Western Mail

‘I was left paralysed after falling down the stairs and want to end my life’

- LAURA CLEMENTS Reporter laura.clements@walesonlin­e.co.uk

AWELSH woman who was left paralysed after falling down the stairs is desperate to end her life.

Sharon Johnston, from Aberystwyt­h, said she came to terms with her prognosis “there and then” after doctors told her she would never walk again three years ago.

Life ever since for the 59-year-old has been one of pain and suffering, so much so she’s made plans to travel to Switzerlan­d where she’ll ask doctors to help her die.

That option is not currently available to her in the UK but yesterday peers debated an Assisted Dying Bill in the House of Lords which could change the law.

Whereas campaigner­s believe the proposals could leave some patients vulnerable to coercion, Sharon is adamant that it is her right to decide if she wants to die.

Sharon’s accident was a freak event that could have happened to anyone. She’d gone upstairs to wash and change and put her pyjamas on early but as she came back down, she lost her footing and crashed headfirst to the bottom. And that was it, she just couldn’t move. She’d fractured several bones in the top of her neck and was paralysed.

“As soon as the consultant­s went through the scans they said this is it, you’re not going to get any better,” explained Sharon. “There’s no medical interventi­on that’s going to help.

“I came to terms with it there and then, I’ve just got to make the best of it and do what I can.”

She was left with virtually no movement in her body, apart from some movement in one hand which allows her to operate her specially adapted wheelchair. She is doubly incontinen­t and relies on carers four times a day. Even so, life is still impossibly hard, she said.

“I was fine in hospital,” she said. “I was in the spinal unit and you’ve got some sort of comfort blanket. But back home, I’m here on my own and this is it.

“I’ve made the best of it but the pain and suffering is just too much. It feels like I’ve been kicked. It’s because I can’t move.”

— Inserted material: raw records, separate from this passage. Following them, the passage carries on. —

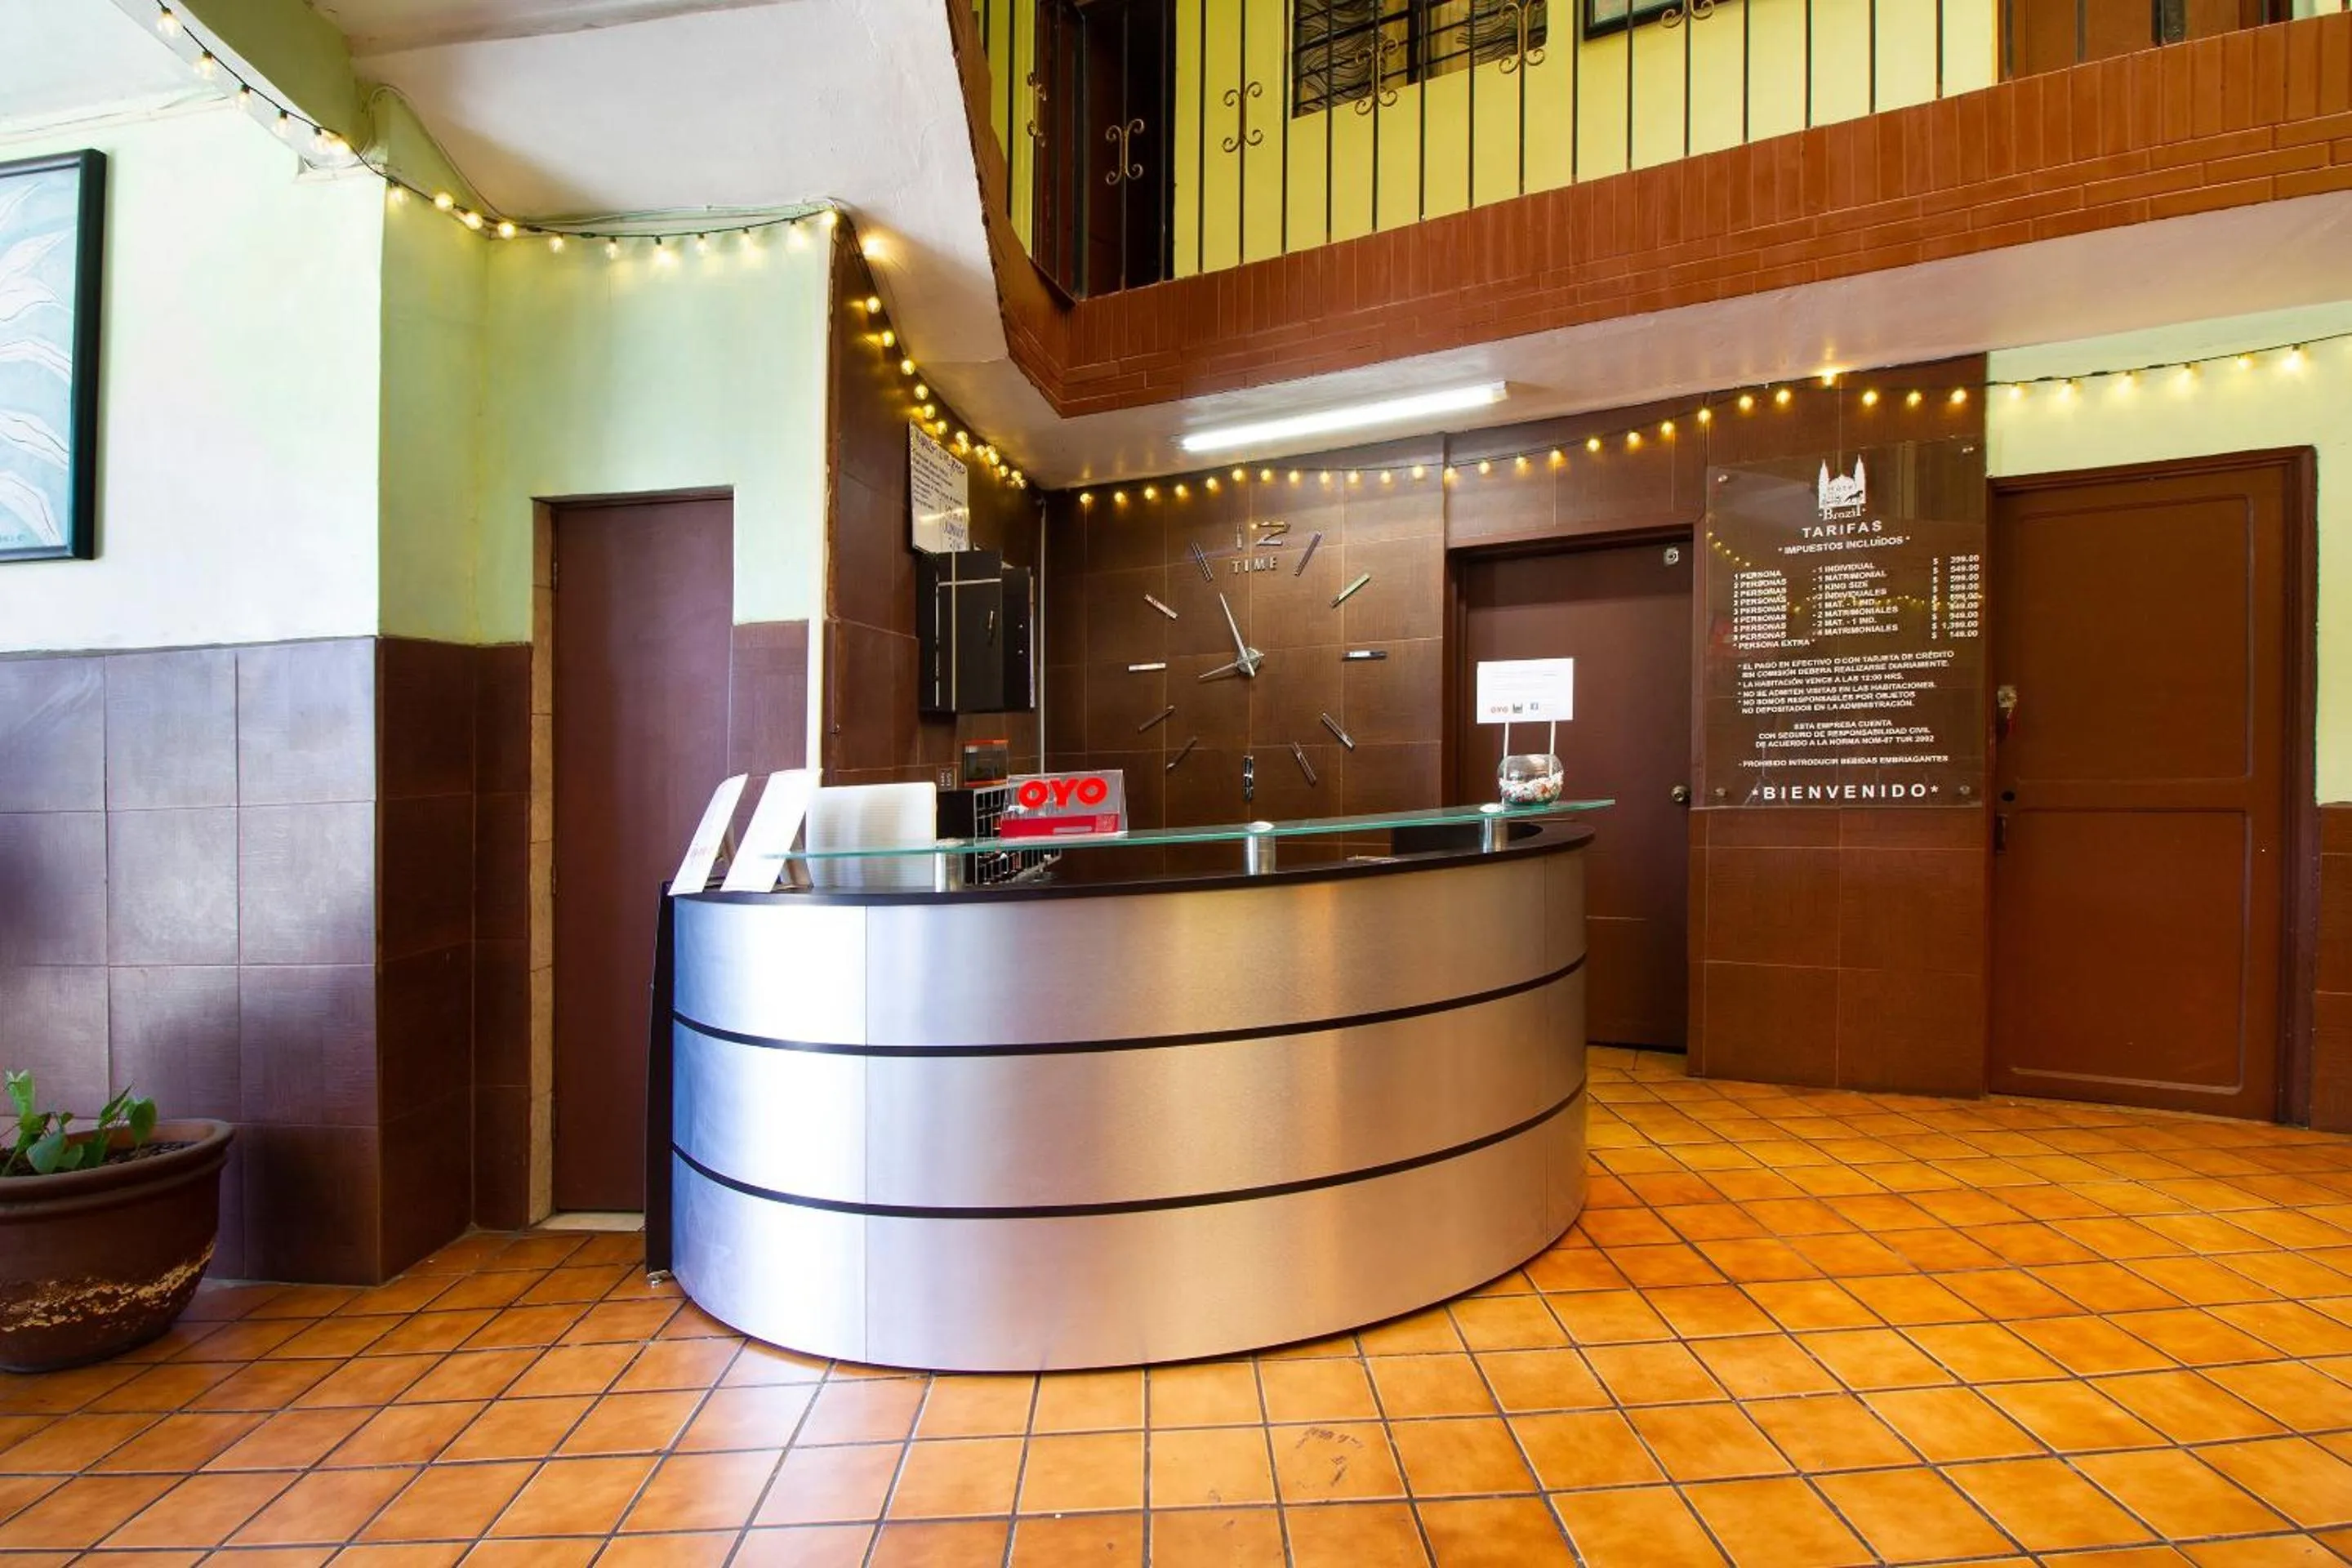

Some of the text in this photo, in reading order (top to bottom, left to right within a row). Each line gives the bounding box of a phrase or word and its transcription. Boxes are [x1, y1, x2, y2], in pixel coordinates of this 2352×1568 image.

[1822, 505, 1862, 520] Brazil
[1236, 521, 1291, 550] 12
[1802, 519, 1882, 538] TARIFAS
[1784, 541, 1843, 555] IMPUESTOS
[1232, 556, 1277, 574] TIME
[1740, 570, 1782, 580] PERSONA
[1824, 562, 1875, 572] INDIVIDUAL
[1740, 578, 1787, 588] PERSONAS
[1824, 570, 1886, 581] MATRIMONIAL
[1740, 588, 1787, 597] PERSONAS
[1849, 580, 1869, 589] SIZE
[1740, 596, 1787, 605] PERSONAS
[1824, 588, 1887, 599] INDIVIDUALES
[1740, 604, 1787, 614] PERSONAS
[1740, 614, 1787, 623] PERSONAS
[1824, 606, 1899, 617] MATRIMONIALES
[1740, 622, 1787, 632] PERSONAS
[1740, 631, 1787, 640] PERSONAS
[1824, 624, 1899, 635] MATRIMONIALES
[1738, 640, 1780, 650] PERSONA
[1780, 639, 1811, 647] EXTRA
[1754, 662, 1777, 670] PAGO
[1792, 658, 1832, 667] EFECTIVO
[1862, 654, 1900, 663] TARJETA
[1916, 650, 1954, 660] CRÉDITO
[1787, 694, 1854, 703] RESPONSABLES
[1855, 693, 1873, 701] POR
[1875, 691, 1916, 699] OBJETOS
[1858, 719, 1892, 728] CUENTA
[1827, 728, 1907, 737] RESPONSABILIDAD
[1743, 755, 1949, 768] PROHIBIDO INTRODUCIR BEBIDAS EMBRIAGANTES
[1018, 777, 1108, 808] OYO
[1764, 783, 1926, 800] BIENVENIDO

As a single person with no close family Sharon, who used to run a pub and worked in a bookmakers, hates relying on others. She used to love travelling and had dreamed of seeing the world when she retired. But that chance was snatched away from her in a blink of an eye.

“I’m not depressed, I don’t feel sorry for myself,” Sharon continued. “I feel trapped in a body that doesn’t work for me. I just want relief and dying is the only way. Life is horrible.

“I’m an outgoing person and I don’t want to live this life and it’s only going to get harder.”

Even if the potential legalisati­on, which would allow terminally ill adults to request assistance to end their own life, is passed, it won’t actually apply to people like Sharon.

The Assisted Dying Bill had its second reading in the House of Lords yesterday. It proposes that only terminally ill patients with full mental capacity who are not expected to live more than six months would be eligible to apply for an assisted death.

Two independen­t doctors and a High Court judge would have to determine that the patient has come to the decision themselves, and has not been coerced and only then could they be prescribed lethal medication – which they’d have to take themselves.

Sharon wants the law extended to apply to people in her position too.

“It’s not going to open the floodgates of people wanting to die,” she continued. “It’s not going to be like

that. There would be safeguards in place. The law should go through.”

She maintains she’d have the same outlook, even if she hadn’t been injured. It’s “only fair” she should be allowed to choose to die in the same way as the terminally ill, she said.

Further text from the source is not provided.